The schematic (as best I can tell) is attached.

-Florida RR-


----------



## gregc (Apr 25, 2015)

Florida RR said:


> I assume that this has something to do with the resistors? I don't know what to change to get these LEDs to light up and be steady at 1/4 throttle and above?


for a more efficient locomotive requiring less voltage, there is less track voltage and not enough voltage to exceed the minimum required for the LEDs. The bridge rectifier reduces the track voltage by ~1.4V. Since the LEDs are in series, the minimum voltage required is at least the minimum voltage of 2 LEDs.

the lm317 is used as a current regulator which maintains a constant current through and a constant voltage across the LEDs even though the track voltage varies. But it will only pass a current once the track voltage exceeds the minimum voltages across the LEDs.

here's a simpler version of your circuit that uses a single LED. It also shows that there no need for the resistor in parallel across the LEDs. I don't know why your circuit has 2 capacitors. You can can try putting 2 LEDs in parallel, which requires twice as much current which requires the 470 ohm resistor value be cut in half. or you can have a separate circuit for each LED.


----------



## gunrunnerjohn (Nov 10, 2010)

Yikes! With a DC system, you have reverse voltage coming from the track when you reverse! That will do really bad things to either of these circuits! Here's a circuit that will light the two LED's for any track polarity, I suggest wiring them in parallel as it'll take less track voltage to light them.


----------



## gregc (Apr 25, 2015)

gunrunnerjohn said:


> Yikes! With a DC system, you have reverse voltage coming from the track when you reverse!


i believe the circle at the top of his drawing is a bridge rectifier. Otherwise it would only work in one direction


----------



## gunrunnerjohn (Nov 10, 2010)

I was looking at the second drawing that you posted, there is no rectifier.


----------



## gregc (Apr 25, 2015)

gunrunnerjohn said:


> I was looking at the second drawing that you posted, there is no rectifier.


yes, you're right. the circuit I showed would need to be after the bridge.


----------



## gunrunnerjohn (Nov 10, 2010)

The CL2 eliminates all the extra parts, one part with two wires.


----------



## gregc (Apr 25, 2015)

gunrunnerjohn said:


> The CL2 eliminates all the extra parts, one part with two wires.


yes, it's simpler than an lm-317 which is a very versatile chip. but the CL2N3 is designed to pass only 20 ma which is fine for one or more LEDs in series, bit not in parallel.


----------



## gunrunnerjohn (Nov 10, 2010)

Au contraire, it will work fine. 10ma for each LED is plenty of current to light them.

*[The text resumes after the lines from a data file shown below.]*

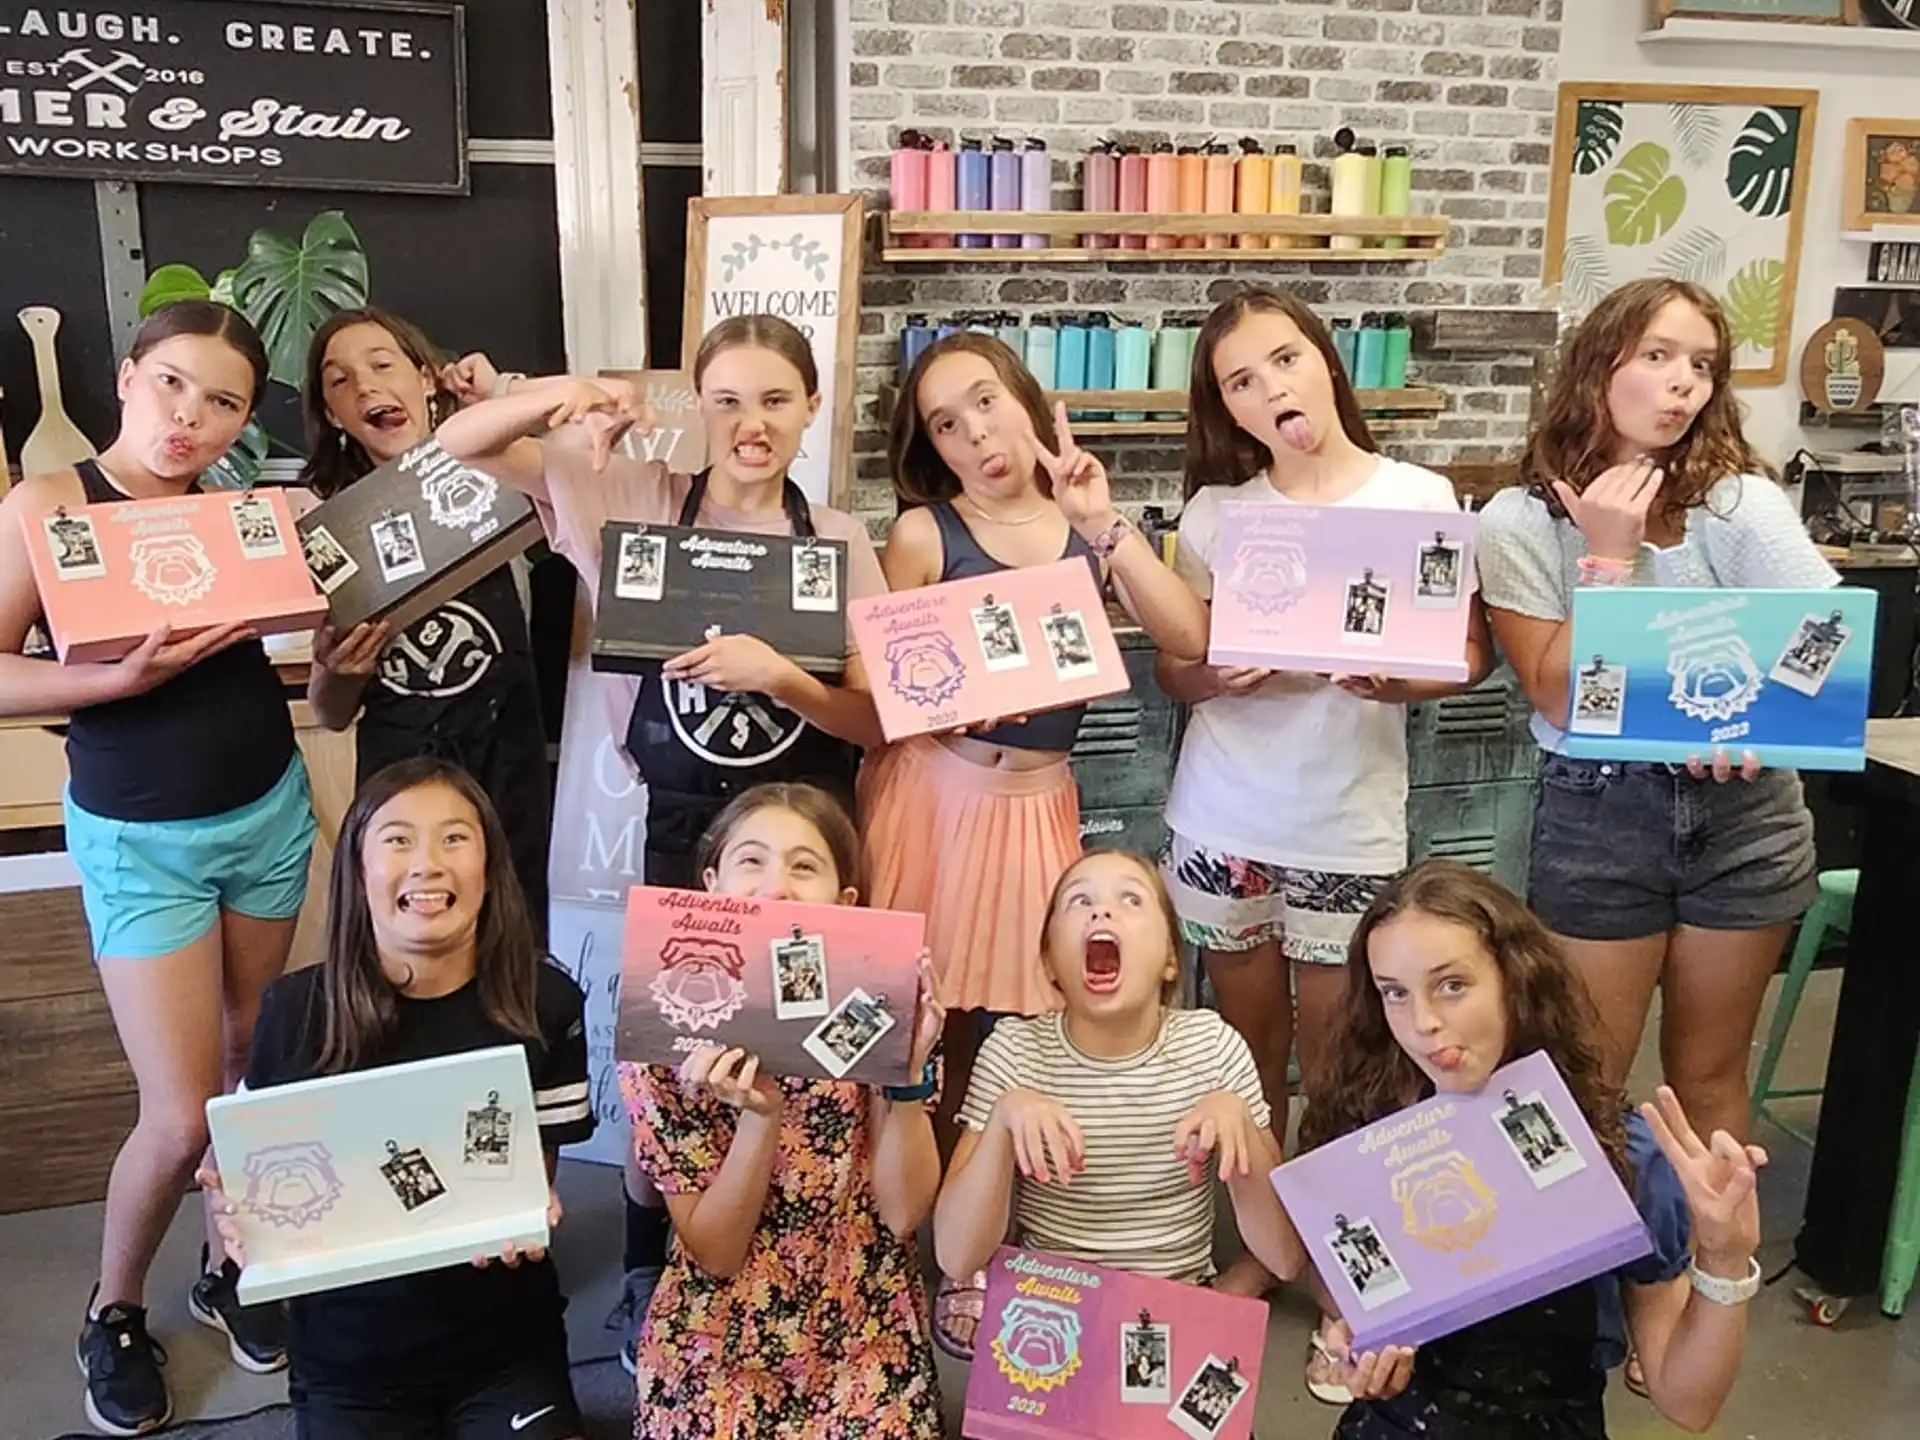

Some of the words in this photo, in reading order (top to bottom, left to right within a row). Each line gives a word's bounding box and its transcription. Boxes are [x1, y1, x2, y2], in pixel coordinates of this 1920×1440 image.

[226, 21, 432, 59] CREATE.
[145, 69, 205, 85] 2016
[149, 97, 206, 131] &
[218, 98, 412, 142] Stain
[7, 136, 283, 166] WORKSHOPS
[710, 290, 837, 318] WELCOME
[679, 534, 768, 557] Adventure
[691, 552, 754, 572] Awaits
[865, 596, 947, 621] Adventure
[883, 612, 940, 635] Awaits
[658, 891, 762, 916] Adventure
[672, 911, 742, 935] Awaits
[1357, 1103, 1457, 1154] Adventure
[1383, 1129, 1453, 1169] Awaits
[1003, 1252, 1102, 1289] Adventure
[1014, 1275, 1083, 1305] Awaits

I rarely push LED's to the limit, no real need. You can also put them in parallel if you want 40ma, but I don't think that would be necessary in this instance.


----------



## gregc (Apr 25, 2015)

won't the current requirement depend on the LEDs? Older LEDs may not be as efficient as more modern ones. 

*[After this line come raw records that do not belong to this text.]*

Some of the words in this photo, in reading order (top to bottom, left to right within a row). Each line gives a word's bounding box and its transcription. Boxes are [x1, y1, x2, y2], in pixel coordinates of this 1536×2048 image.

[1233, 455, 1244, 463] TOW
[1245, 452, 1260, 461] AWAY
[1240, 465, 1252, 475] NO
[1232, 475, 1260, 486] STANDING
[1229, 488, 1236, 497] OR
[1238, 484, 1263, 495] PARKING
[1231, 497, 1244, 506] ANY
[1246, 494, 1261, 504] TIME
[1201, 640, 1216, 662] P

and now that you mention it, the 470 ohm resistor seems too large. A 47 (yellow purple black) ohm resistor results in 27 ma based on this calculator

so maybe he should consider a the circuit you suggest with different components.


----------



## Lemonhawk (Sep 24, 2013)

I like your version GRJ, it would work on both DC and DCC, although I might put a resistor off the + side of the bridge to limit inrush current. A distinct advantage of the parallel LED's is that they would turn on sooner on a DC layout.


----------



## gunrunnerjohn (Nov 10, 2010)

A small resistor to limit inrush is not a bad idea, I typically have a choke there for DCS compatibility. Of course, being in the O-gauge world, I also have amps of power available.  I'd consider something like a 22 ohm resistor so as not to drop too much power.

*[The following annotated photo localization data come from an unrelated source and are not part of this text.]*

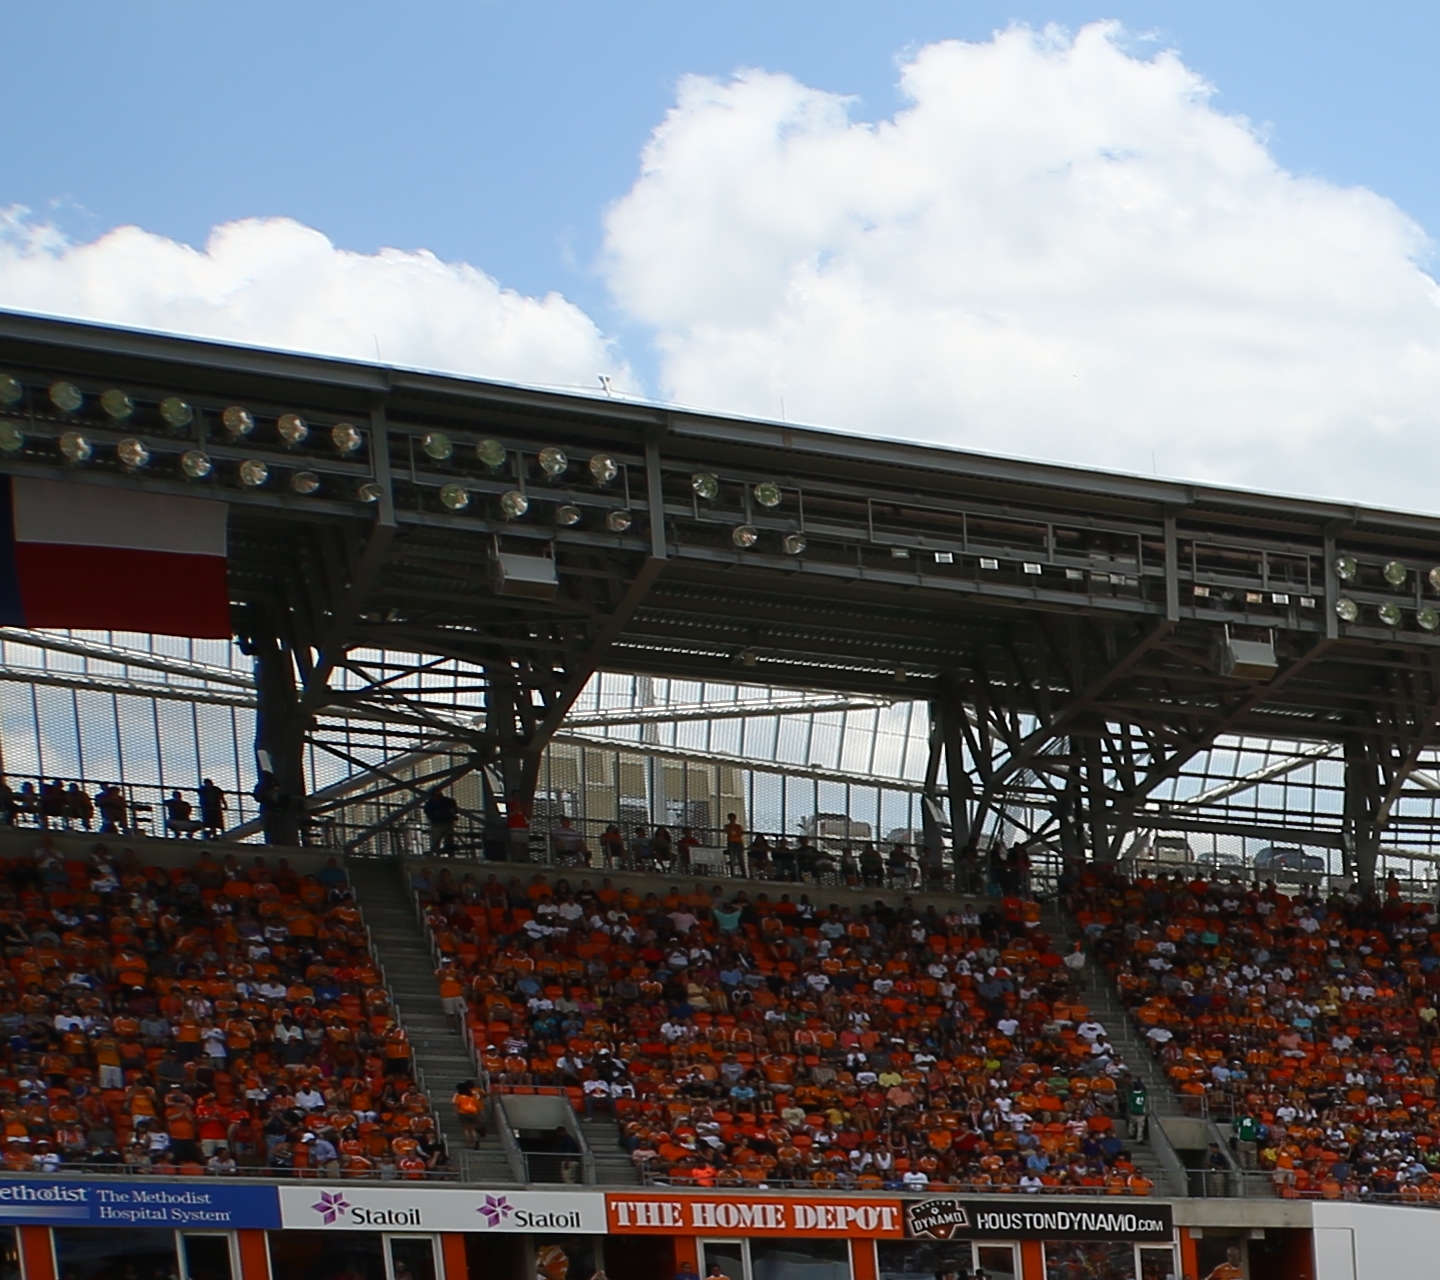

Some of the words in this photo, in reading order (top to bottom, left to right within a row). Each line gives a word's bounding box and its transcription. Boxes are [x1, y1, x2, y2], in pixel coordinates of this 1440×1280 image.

[0, 1184, 87, 1202] ethodist
[97, 1189, 128, 1203] The
[132, 1190, 212, 1204] Methodist
[99, 1205, 168, 1222] Hospital
[171, 1208, 230, 1225] System
[351, 1207, 421, 1226] Statoil
[515, 1209, 581, 1229] Statoil
[611, 1201, 684, 1227] THE
[692, 1203, 786, 1229] HOME
[793, 1204, 897, 1231] DEPOT
[914, 1211, 965, 1233] DYNAMO
[977, 1212, 1163, 1232] HOUSTONDYNAMO.COM

The parallel LED's were exactly for that purpose, to light at a lower voltage for DC operation.

Greg, 99.9% of common consumer grade LED operate at a 20ma maximum current. There are specialty types and high-power types that operate on less or more current, but assuming 20ma is pretty safe as a rule. I use hundreds of LEDs here, both thru-hole and SMT, virtually everything I use has a 20ma rating. I have some really tiny chips that are less, and some really high power models that require a heatsink that run as much as 100ma, but that's not the norm.


----------



## gregc (Apr 25, 2015)

gunrunnerjohn said:


> Greg, 99.9% of common consumer grade LED operate at a 20ma maximum current.


i don't disagree that 20 ma is the typical max. I have a boat load of LEDs from work from about 20 years ago. One batch was much brighter that the rest and the circuit that used them had to be changed to dim them. My point is that older LEDs may not be that bright even at 20 ma. while modern ones may be more than bright enough even at 10 ma.


----------



## DonR (Oct 18, 2012)

GRJ

I'm confused with your circuit in post #3 showing the track as AC with a rectifier.
He has an N scale DC layout.

Don


----------



## gunrunnerjohn (Nov 10, 2010)

Greg, since the two LED's he has are obviously the same vintage, I'm thinking the intensity isn't going to be an issue here, they should be pretty closely matched.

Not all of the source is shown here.